De Santa Fe con dolor

El film cuenta la historia de Jose Bonnard, casado, padre de dos hijas, quien a raíz de su prolongada situación de desempleado, se ve arrojado a un remolino descendente que termina hundiéndolo en la delincuencia, dentro de una ciudad -Santa Fe- en la que la corrupción y el dinero lo “arreglan” todo. Tironeado entre su tía Teresa -quien lo ha criado- y su cuñada -lo más cercano para él al amor- y la solución fácil a sus problemas que le ofrece el “Negro” Espósito -jefe de la banda local de delincuentes- José quedará atrapado en las redes de un sistema corrupto que no puede proteger a quienes se supone protege y dentro del cual el único lenguaje claro es el del plomo.

La historia va más allá de la lucha entre el bien y el mal encarado por la policía y los criminales. En realidad, esa batalla la libran José y el negro Espósito. Lo interesante del caso es que José, encara la lucha desde adentro. Cuando la circunstancias lo empujan a aceptar la proposición de Espósito de unirse a su banda, José es consciente de lo que hace y por qué lo hace. Por eso, en todo momento, trata de mantener a su familia alejada de su nueva actividad. Inclusive cuando es herido en un atraco y apresado por la policía, se mantiene firme y consistente con la ética de no delatar a nadie: el solo se metió en esto, el solo se la banca. Sin embargo, cuando sus secuaces actúan en contra de su familia para enviarle el mensaje de “no abrás la boca”, el pacto se disuelve y José habla: proteger a su familia es más importante que protegerlos a ellos.

En este escenario, el jefe de policía juega el triste papel de reflejar el sistema social en que vivimos. Un sistema injusto desde el punto de vista de la distribución de la riqueza y las oportunidades, un sistema impotente a la hora de proteger a quienes colaboran con él para mantener el orden, un sistema, en fin, en el que después de casi tres décadas, el leit motiv sigue siendo “no te metas”.

Desde el inicio de la película queda claro que entre el jefe de policía y el jefe de la banda de ladrones hay una vieja historia en común.
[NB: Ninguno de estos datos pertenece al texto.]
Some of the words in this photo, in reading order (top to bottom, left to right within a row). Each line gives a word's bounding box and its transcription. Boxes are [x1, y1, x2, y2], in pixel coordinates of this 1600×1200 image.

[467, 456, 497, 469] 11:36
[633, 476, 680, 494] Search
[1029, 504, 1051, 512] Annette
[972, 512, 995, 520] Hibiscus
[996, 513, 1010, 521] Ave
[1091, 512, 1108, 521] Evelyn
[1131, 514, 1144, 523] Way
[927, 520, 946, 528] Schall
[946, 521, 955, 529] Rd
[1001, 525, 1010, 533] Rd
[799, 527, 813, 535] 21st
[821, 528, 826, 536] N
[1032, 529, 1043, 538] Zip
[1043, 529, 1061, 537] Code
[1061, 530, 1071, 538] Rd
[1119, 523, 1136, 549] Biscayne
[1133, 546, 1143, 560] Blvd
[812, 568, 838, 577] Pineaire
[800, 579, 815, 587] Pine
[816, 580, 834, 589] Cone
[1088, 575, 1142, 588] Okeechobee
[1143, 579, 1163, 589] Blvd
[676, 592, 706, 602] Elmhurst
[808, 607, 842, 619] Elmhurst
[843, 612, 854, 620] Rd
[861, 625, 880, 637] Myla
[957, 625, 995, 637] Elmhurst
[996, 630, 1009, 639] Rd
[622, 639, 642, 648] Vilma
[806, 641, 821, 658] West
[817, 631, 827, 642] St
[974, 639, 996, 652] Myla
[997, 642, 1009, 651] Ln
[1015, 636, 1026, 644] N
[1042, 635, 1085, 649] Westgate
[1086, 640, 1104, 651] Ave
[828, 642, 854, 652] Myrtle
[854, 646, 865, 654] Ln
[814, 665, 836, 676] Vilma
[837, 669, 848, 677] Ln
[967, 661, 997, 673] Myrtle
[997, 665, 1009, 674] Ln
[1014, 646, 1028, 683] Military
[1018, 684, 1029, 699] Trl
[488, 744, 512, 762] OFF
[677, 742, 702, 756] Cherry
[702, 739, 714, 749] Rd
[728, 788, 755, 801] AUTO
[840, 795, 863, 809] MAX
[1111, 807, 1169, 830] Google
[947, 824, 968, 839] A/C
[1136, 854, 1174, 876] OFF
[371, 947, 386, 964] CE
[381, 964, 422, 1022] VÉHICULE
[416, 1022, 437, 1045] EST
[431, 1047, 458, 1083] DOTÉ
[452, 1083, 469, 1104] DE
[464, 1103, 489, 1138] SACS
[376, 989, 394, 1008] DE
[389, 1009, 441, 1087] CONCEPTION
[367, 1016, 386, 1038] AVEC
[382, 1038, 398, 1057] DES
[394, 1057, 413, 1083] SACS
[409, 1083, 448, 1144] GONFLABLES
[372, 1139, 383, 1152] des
El primero ve continuamente frustradas sus esperanzas de ascenso cada vez que el segundo logra hacer valer sus influencias y, sobornando a quien haga falta, se libra reiteradamente de la cárcel. Como para poner en claro las cosas, hacia la mitad del film cuando ambos tratan de aprovecharse de José para sus propios fines, un flash back en blanco y negro cuenta una anécdota de ambos durante el PRN. Si bien resulta clara la posición de cada uno en aquella situación, el volumen de la música de fondo -no tan de fondo en realidad- impide escuchar los diálogos.

El manejo de la cámara ayuda a mostrar las múltiples facetas de la ciudad y sus personajes: planos generales con inspiradoras puestas de sol sobre el río; ángulos picados para mostrar el decadente submundo de ladrones y asesinos, prostitutas y cafishos; cámara al hombro para seguir a los delincuentes -o a la policía que hace gala de usar los mismos métodos que se supone combate; primeros planos para un beso cariñoso o apasionado, según sea el caso.
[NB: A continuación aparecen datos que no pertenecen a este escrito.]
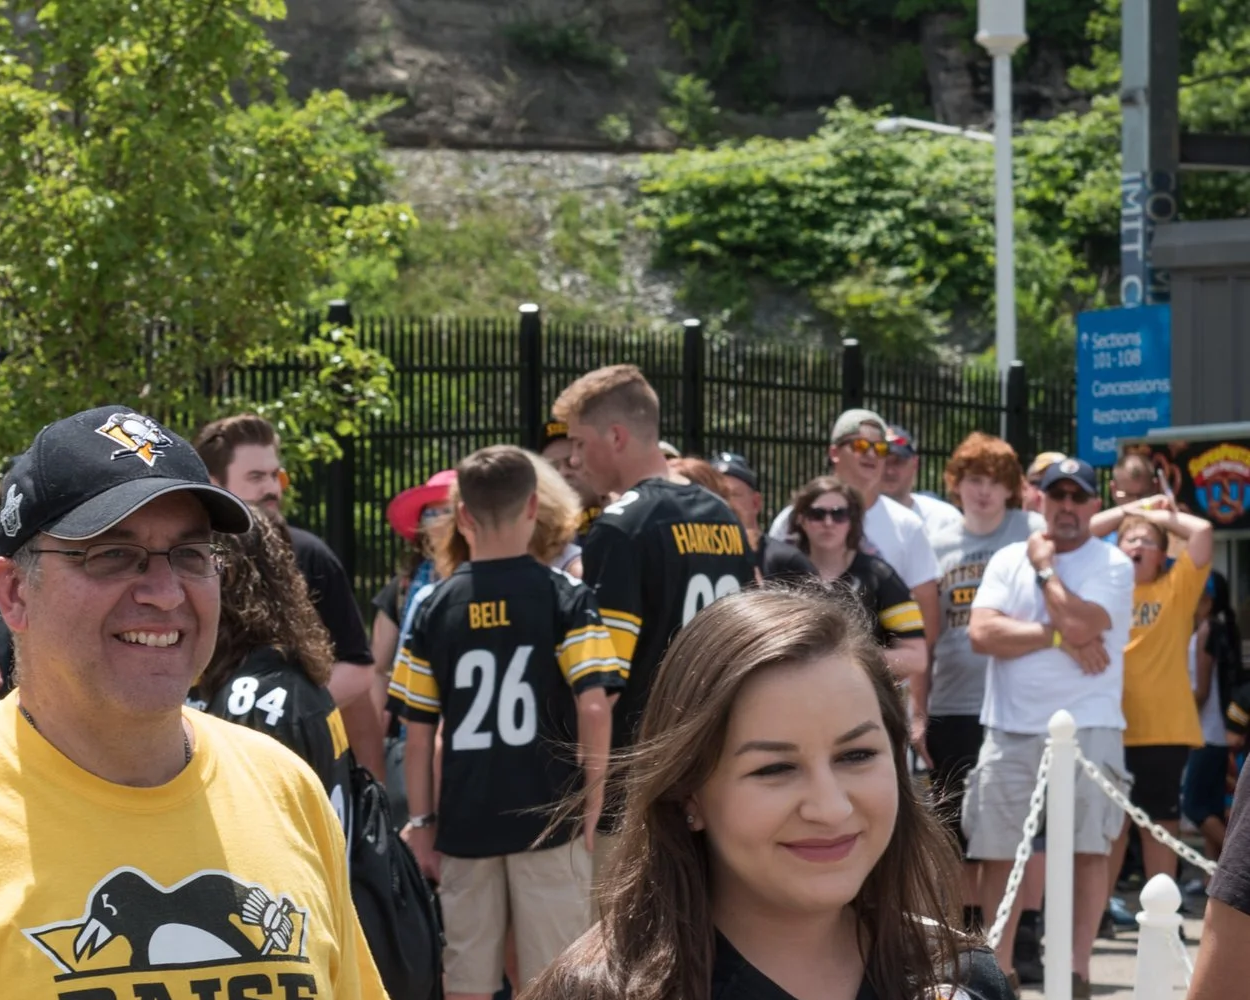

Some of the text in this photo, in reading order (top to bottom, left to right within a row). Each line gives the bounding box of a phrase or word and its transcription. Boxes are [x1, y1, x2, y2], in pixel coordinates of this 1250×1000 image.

Se trata de un film interesante en cuanto al planteo y la solución del conflicto. Cuenta con algunas buenas actuaciones, otras muy buenas, otras no tanto. Salvo por algunos pequeños defectos de montaje o iluminación -si no eran defectos y tenían un propósito, éste no quedó claro, está muy bien realizado.

Pareciera ser que este nuevo milenio trae de la mano una renovada generación de artistas del eje Santa Fe-Rosario que tiene mucho que decir y sabe cómo hacerlo. ¡Bien por el litoral!